Link to Pubmed [PMID] – 17277155
J. Immunol. 2007 Feb;178(4):2476-82
It has been difficult to evaluate the protective efficacy of vaccine candidates against shigellosis, a major form of bacillary dysentery caused by Shigella spp. infection, because of the lack of suitable animal models. To develop a proper animal model representing human bacillary dysentery, guinea pigs were challenged with virulent Shigella flexneri serotype 2a (strains 2457T or YSH6000) or S. flexneri 5a (strain M90T) by the intrarectal (i.r.) route. Interestingly, all guinea pigs administered these Shigella strains developed severe and acute rectocolitis. They lost approximately 20% of their body weight and developed tenesmus by 24 h after Shigella infection. Shigella invasion and colonization of the distal colon were seen at 24 h but disappeared by 48 h following i.r. infection.
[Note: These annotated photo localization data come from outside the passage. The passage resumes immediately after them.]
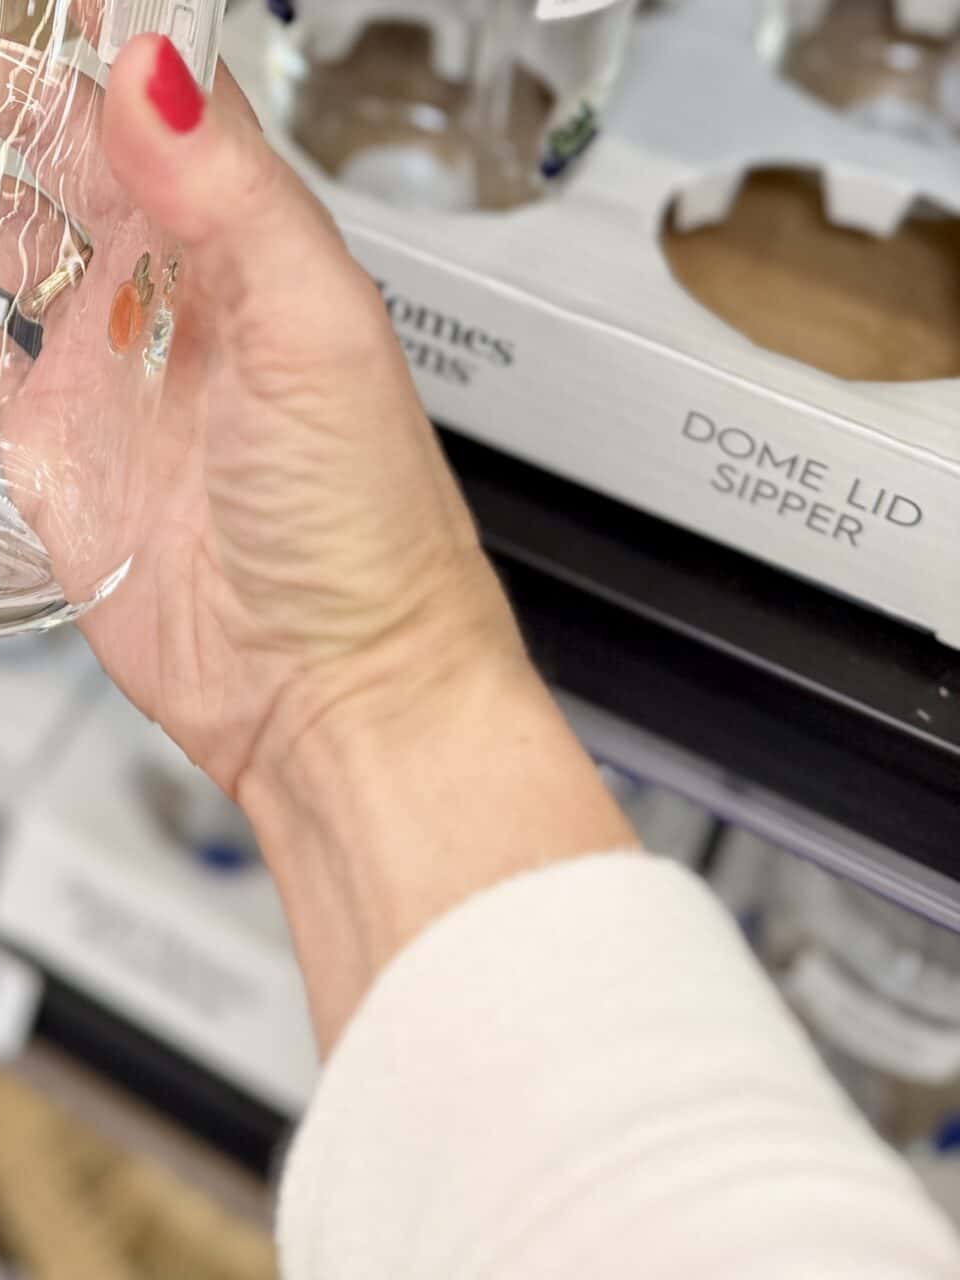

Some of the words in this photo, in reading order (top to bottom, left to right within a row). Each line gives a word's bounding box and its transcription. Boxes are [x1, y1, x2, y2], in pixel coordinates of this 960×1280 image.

[376, 280, 514, 368] omes
[681, 410, 830, 494] DOME
[845, 477, 923, 529] LID
[710, 461, 865, 549] SIPPER
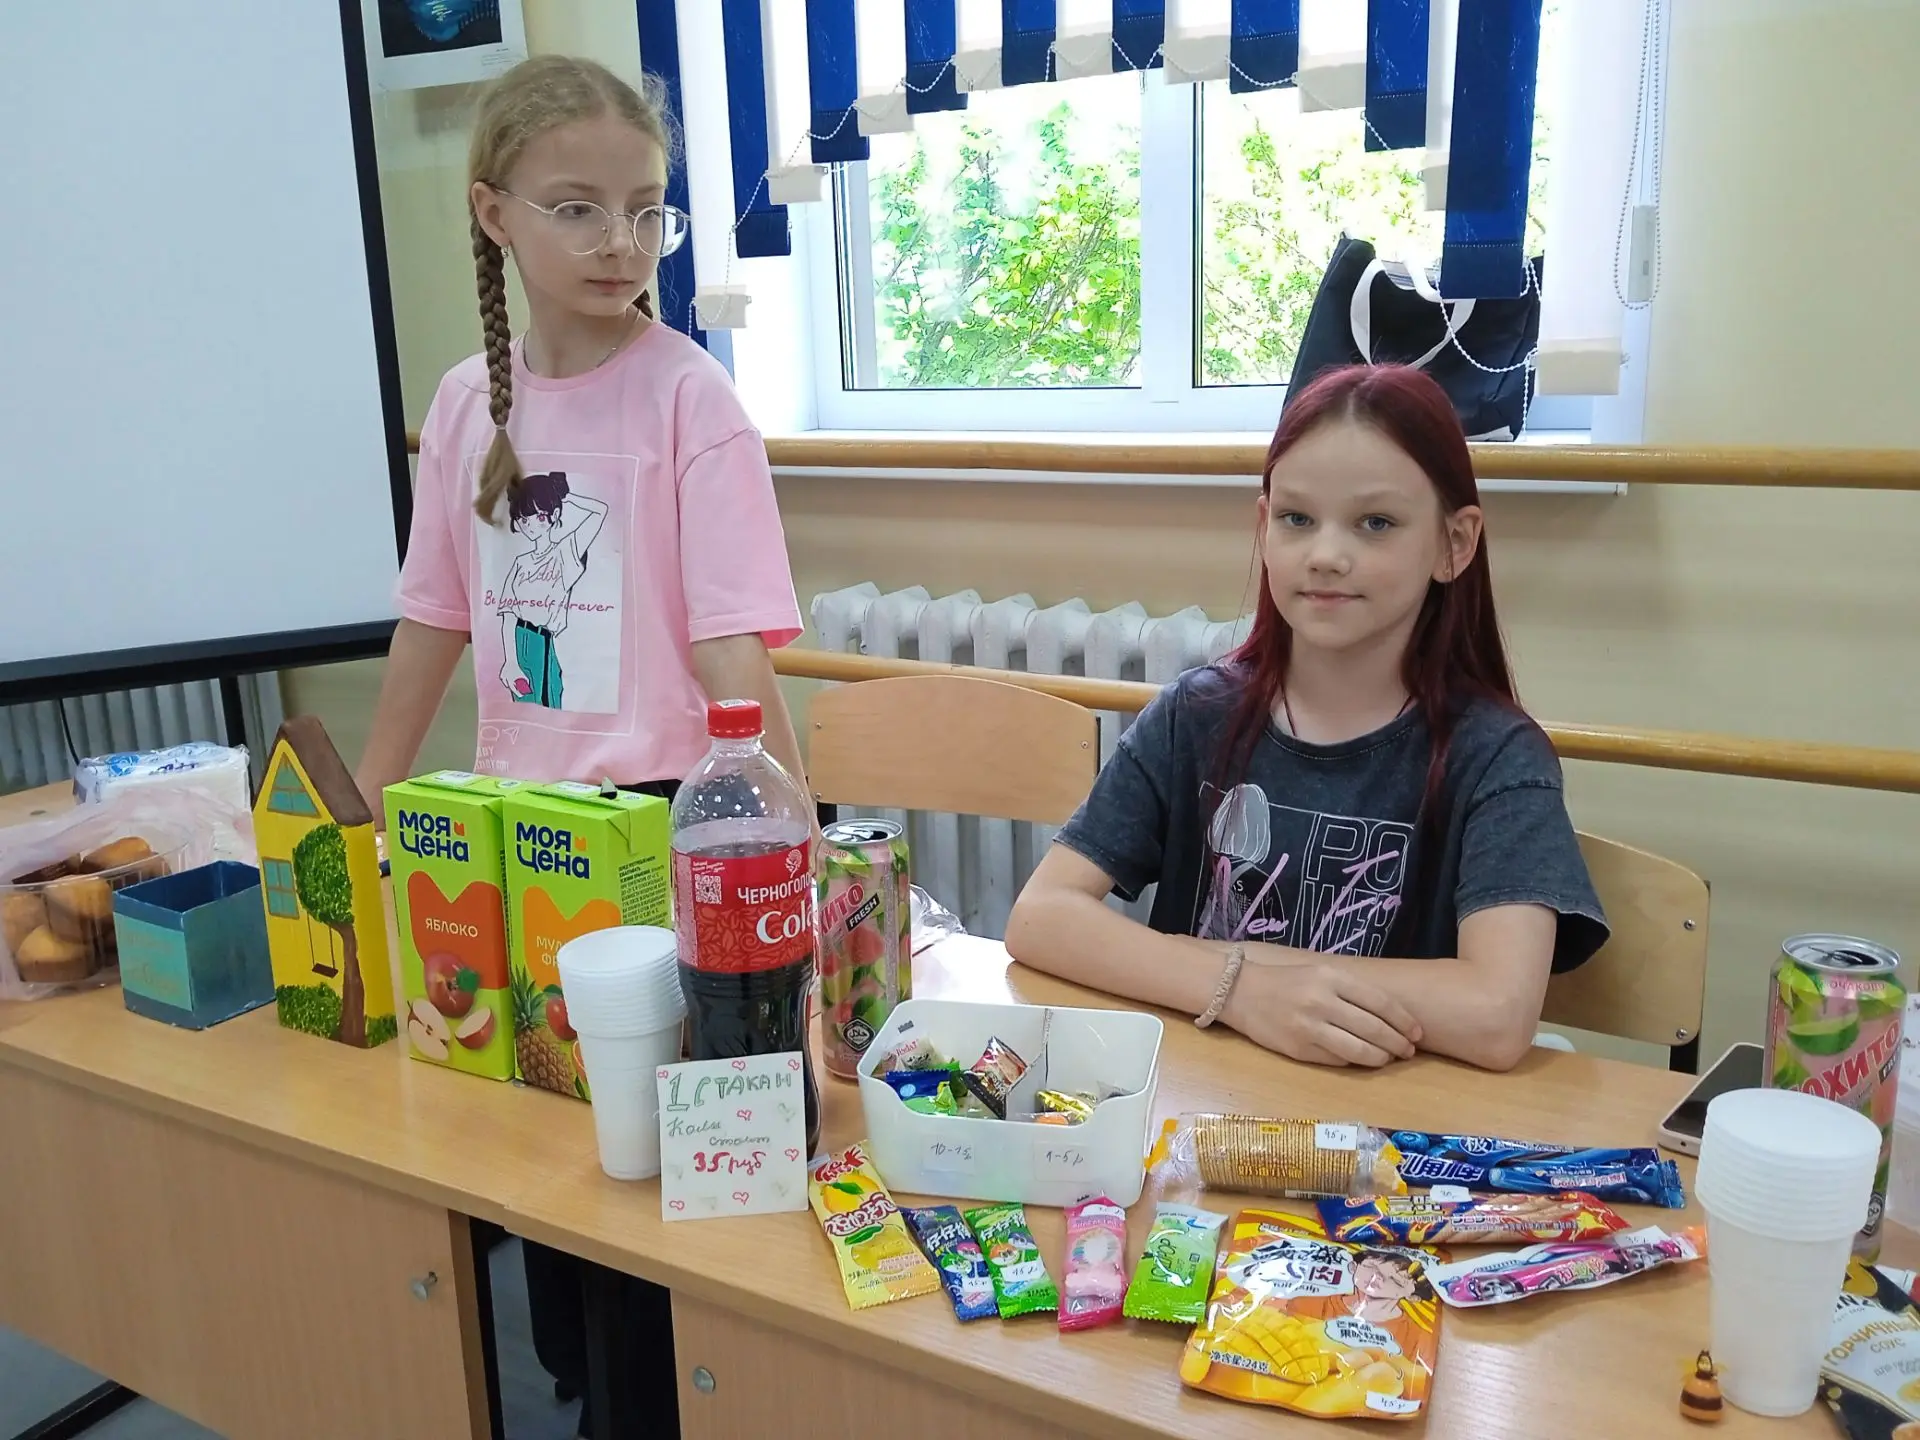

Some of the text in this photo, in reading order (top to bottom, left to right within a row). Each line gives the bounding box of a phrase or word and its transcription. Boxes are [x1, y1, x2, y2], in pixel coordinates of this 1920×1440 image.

Histopathological approaches demonstrated significant damage and destruction of mucosal and submucosal layers, thickened intestinal wall, edema, erosion, infiltration of neutrophils, and depletion of goblet cells in the distal colon. Furthermore, robust expression of IL-8, IL-1beta, and inducible NO synthase mRNA was detected in the colon from 6 to 24 h following Shigella infection. Most importantly, in our new shigellosis model, guinea pigs vaccinated with an attenuated S. flexneri 2a SC602 strain possessing high levels of mucosal IgA Abs showed milder symptoms of bacillary dysentery than did animals receiving PBS alone after Shigella infection. In the guinea pig, administration of Shigella by i.r. route induces acute inflammation, making this animal model useful for assessing the protective efficacy of Shigella vaccine candidates.